A Note on the Reliability and Risk Based Optimization of Statistical Quality Control
The statistical quality control (QC) optimization of an analytical process can be translated into a probabilistic risk assessment problem that requires reliability analysis of the analytical system and estimation of the risk caused by measurement error. Reliability analysis of an analytical system should include a quantitative fault tree analysis to define the critical-failure modes and estimate the critical-failure time and measurement error probability density functions and their dependencies. Critical failure of an analytical system in a clinical laboratory setting can initiate hazard when total measurement error of a result of a patient exceeds the medically acceptable measurement error. An incorrect result can cause harmful medical decisions. The risk of a critical failure is associated with the probability that it will occur and with the time that it will persist. A QC procedure detects a critical failure with a certain probability. As residual risk can be considered the risk of the measurement process, assuming the application of a QC procedure. We can define risk measures based on the partial moments of the measurement error with reference to the medically acceptable measurement error. Then we can estimate the risk before the application of the QC and the residual risk assuming QC is applied.
There is a certain financial cost associated with QC, including the cost of the control materials and their measurements and the cost of the repetitions because of the rejections. Therefore, an operational approach to optimal QC sampling planning could be based on minimization of the QC related cost while the residual risk is acceptable.
To explore the estimation of the QC sampling time intervals using a residual risk measure, we have developed an algorithm that estimates the residual risk of any sampling time interval of a QC procedure applied to analytical systems with an arbitrary number of critical-failure modes, assuming any probability density function of critical-failure time and measurement error for each mode. Furthermore, it estimates the optimal QC sampling time intervals that minimize a QC related cost measure.
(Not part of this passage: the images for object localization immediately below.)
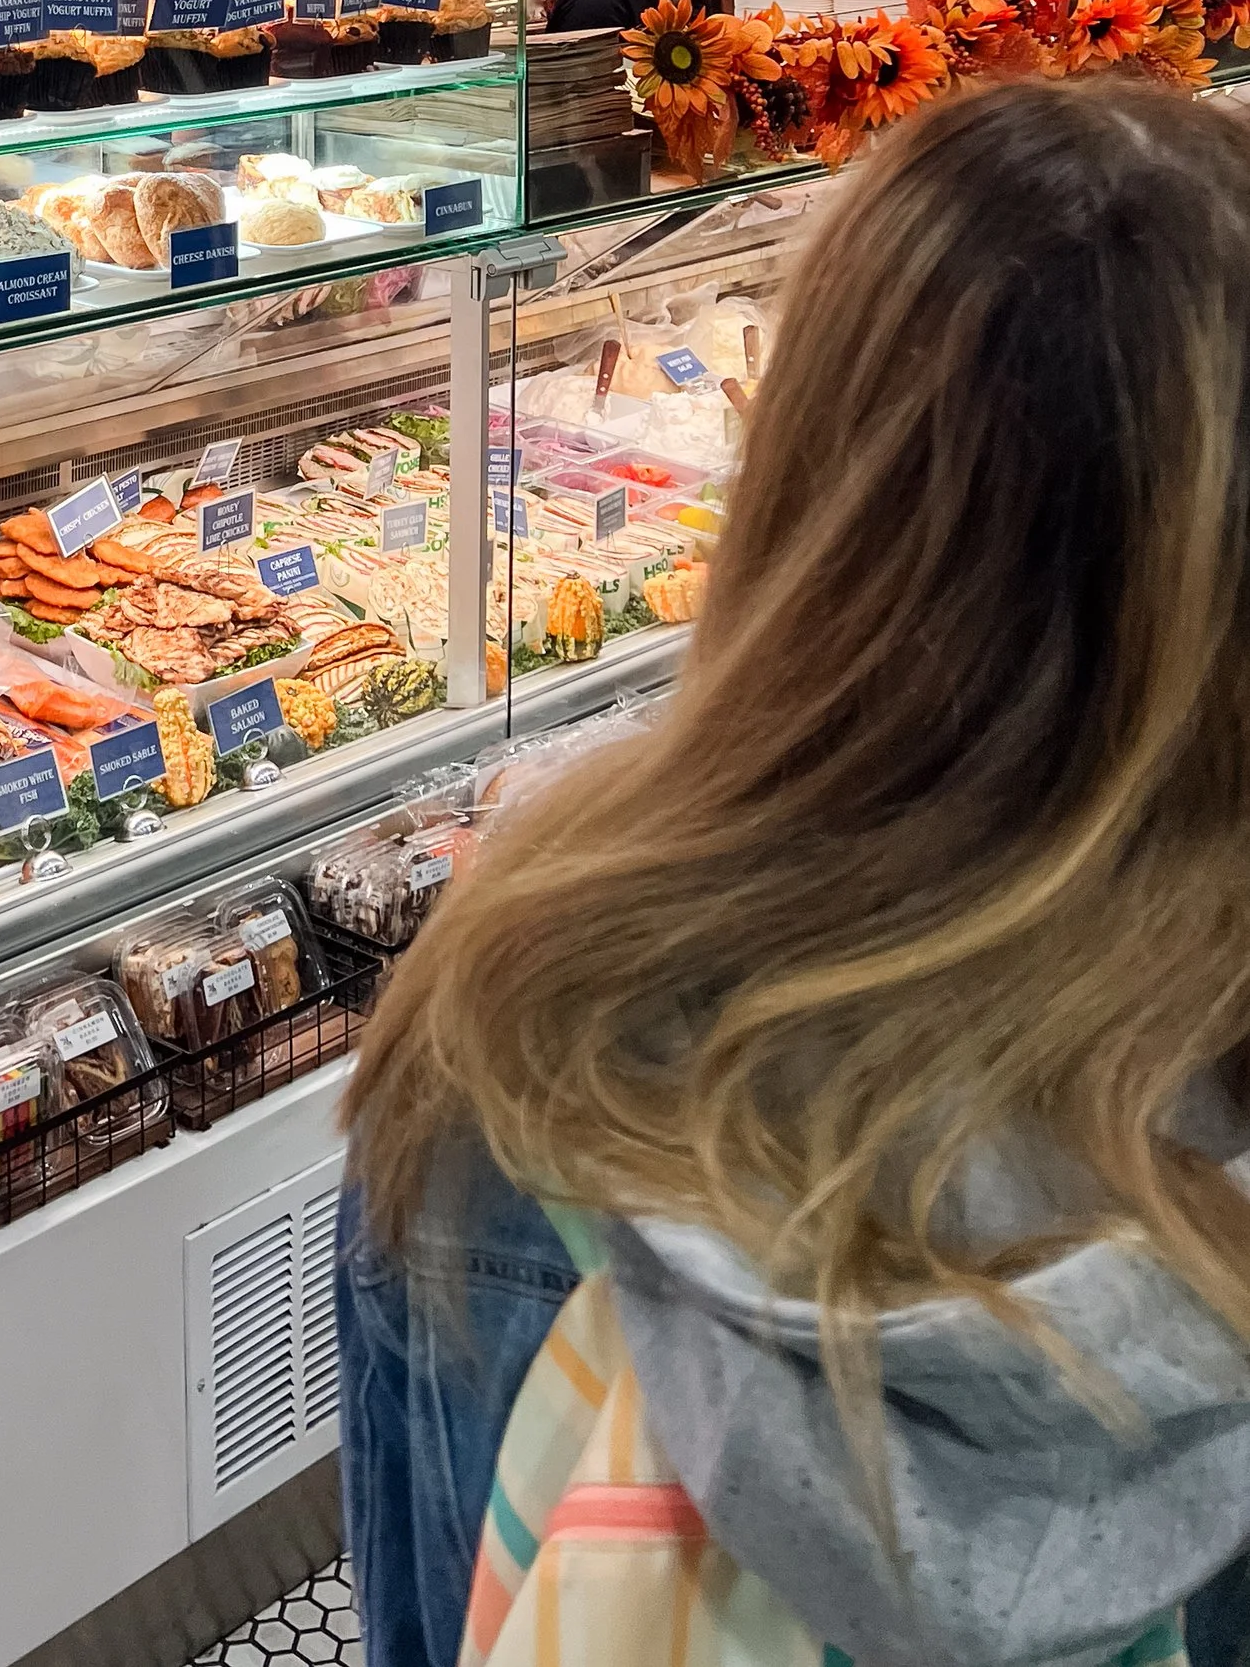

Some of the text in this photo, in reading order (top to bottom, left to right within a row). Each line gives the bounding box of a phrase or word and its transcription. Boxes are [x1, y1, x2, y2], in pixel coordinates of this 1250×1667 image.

[12, 6, 41, 20] YOGURT
[46, 4, 113, 17] YOGURT MUFFIN
[172, 13, 208, 24] MUFFIN
[227, 0, 283, 22] OGURT MUFFIN
[3, 22, 31, 35] MUFFIN
[173, 246, 235, 265] CHEESE DANISH
[36, 269, 68, 285] CREAM
[7, 286, 59, 304] CROISSANT
[217, 500, 240, 517] HONEY
[59, 498, 110, 537] CRISPY CHICKEN
[212, 513, 244, 530] CHIPOTLE
[270, 553, 303, 571] CAPRESE
[276, 565, 302, 582] PANINI
[230, 698, 260, 720] BAKED
[230, 710, 266, 735] SALMON
[99, 744, 158, 775] SMOKED SABLE
[28, 768, 55, 786] WHITE
[19, 789, 38, 806] FISH
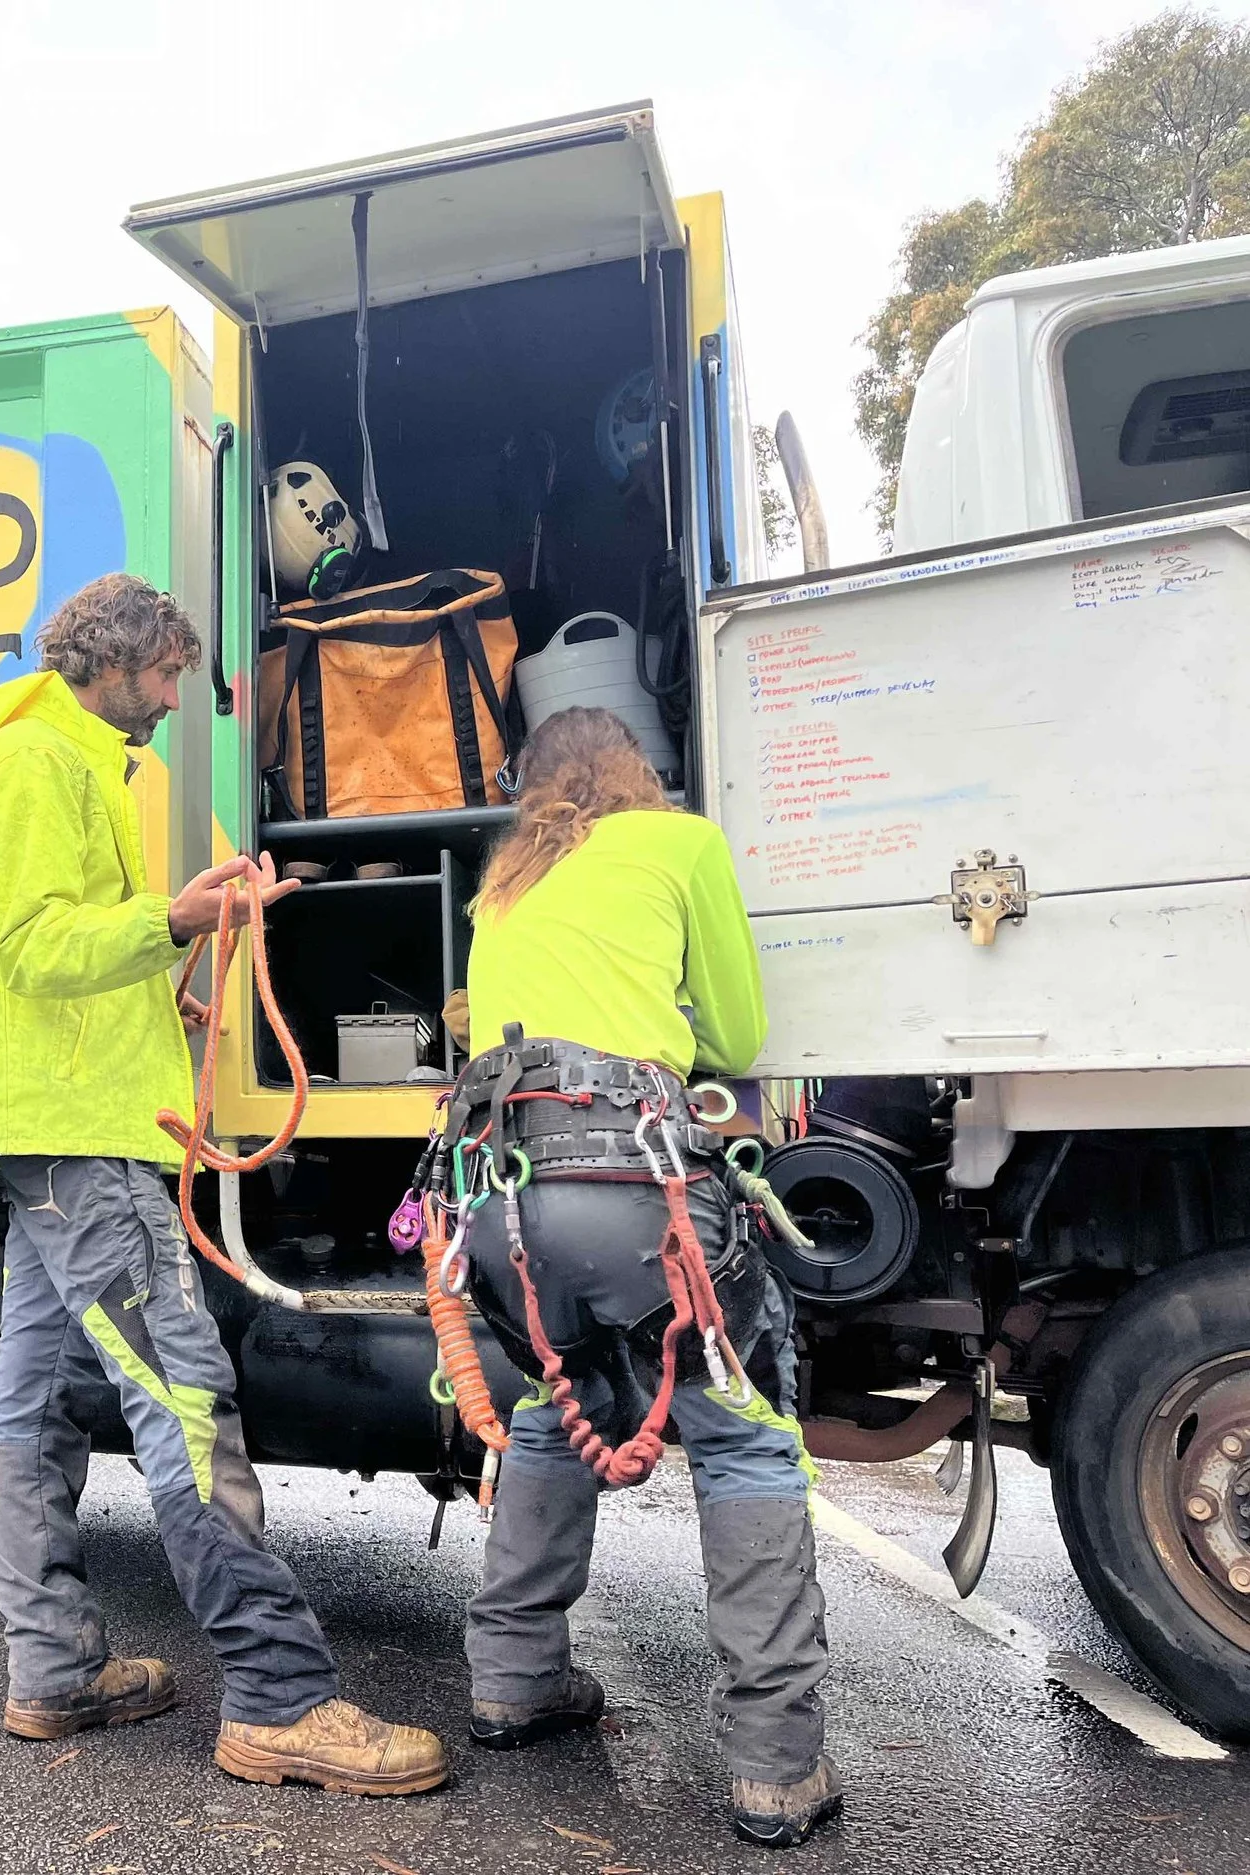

The algorithm we have developed offers an insight in the relation among a QC procedure, the reliability of an analytical system, the risk of the measurement error and the QC related cost. Furthermore, it demonstrates a method for the rational estimation of the QC sampling time intervals of analytical systems with an arbitrary number of failure modes. Therefore, given the reliability analysis of an analytical system, the risk analysis of the measurement error and a QC procedure, there is an optimal QC sampling time interval approach that can sustain an acceptable residual risk, while minimizes the QC related cost.
The needed quantitative fault tree analysis and the estimation of the critical-failure time probability density functions of modern analytical systems may be overly complex. It is possible though to derive at least their upper bounds, using techniques handling uncertainty. A more complex issue is the estimation of the dependencies among the critical-failure time probability density functions as well as of the respective measurement error probability density functions. Although the failure time probability density functions of some critical-failure modes may be independent, as for example the failure of an optical component of a photometric module and the purely mechanical failure of a sampling module, others will be dependent. There are techniques that can be used to estimate dependencies.
If the measurement error probability density functions are dependent, then multivariate distributions could be used, and the respective covariance matrices could be estimated.
This is a large-scale procedure that can be accomplished by the industry. Then a database could be established with reliability analysis data, which could be continuously updated with failure data from the analytical systems in the field, operated by different operators, in different environments. Possibly a substantial commitment is required for such an effort to succeed, giving priority to the safety of the patient.
For the rigorous QC design and estimation of the optimal QC sampling time intervals, it is necessary a risk analysis to be performed to correlate the size of the measurement error with the risk that can cause. Then the medically acceptable analytical error, the risk function which can be even a simple step or fuzzy function, and the acceptable risk and residual risk measures can be defined. Risk analysis is an extremely complex task too. It can be subjective or objective, quantitative or semi-quantitative and should be accomplished by the medical profession. In the future, as the potential of the data analysis will increase exponentially, appropriate risk functions should be estimated using evidence-based methods.
Therefore, to optimize the QC planning process, reliability analysis of the analytical system and risk analysis of the measurement error are needed. Then it is possible to rationally estimate the optimal QC sampling time intervals to sustain an acceptable residual risk with minimum QC related cost. Since 2009, we have developed a theoretical framework and a symbolic computation algorithm for the optimization of statistical quality control of an analytical process, based on the reliability of the analytical system and the risk of the analytical error1 (see HCSL publications on statistical QC, reliability, and risk).
1. Hatjimihail AT. Estimation of the optimal statistical quality control sampling time intervals using a residual risk measure. PLoS ONE 2009 4(6): e5770.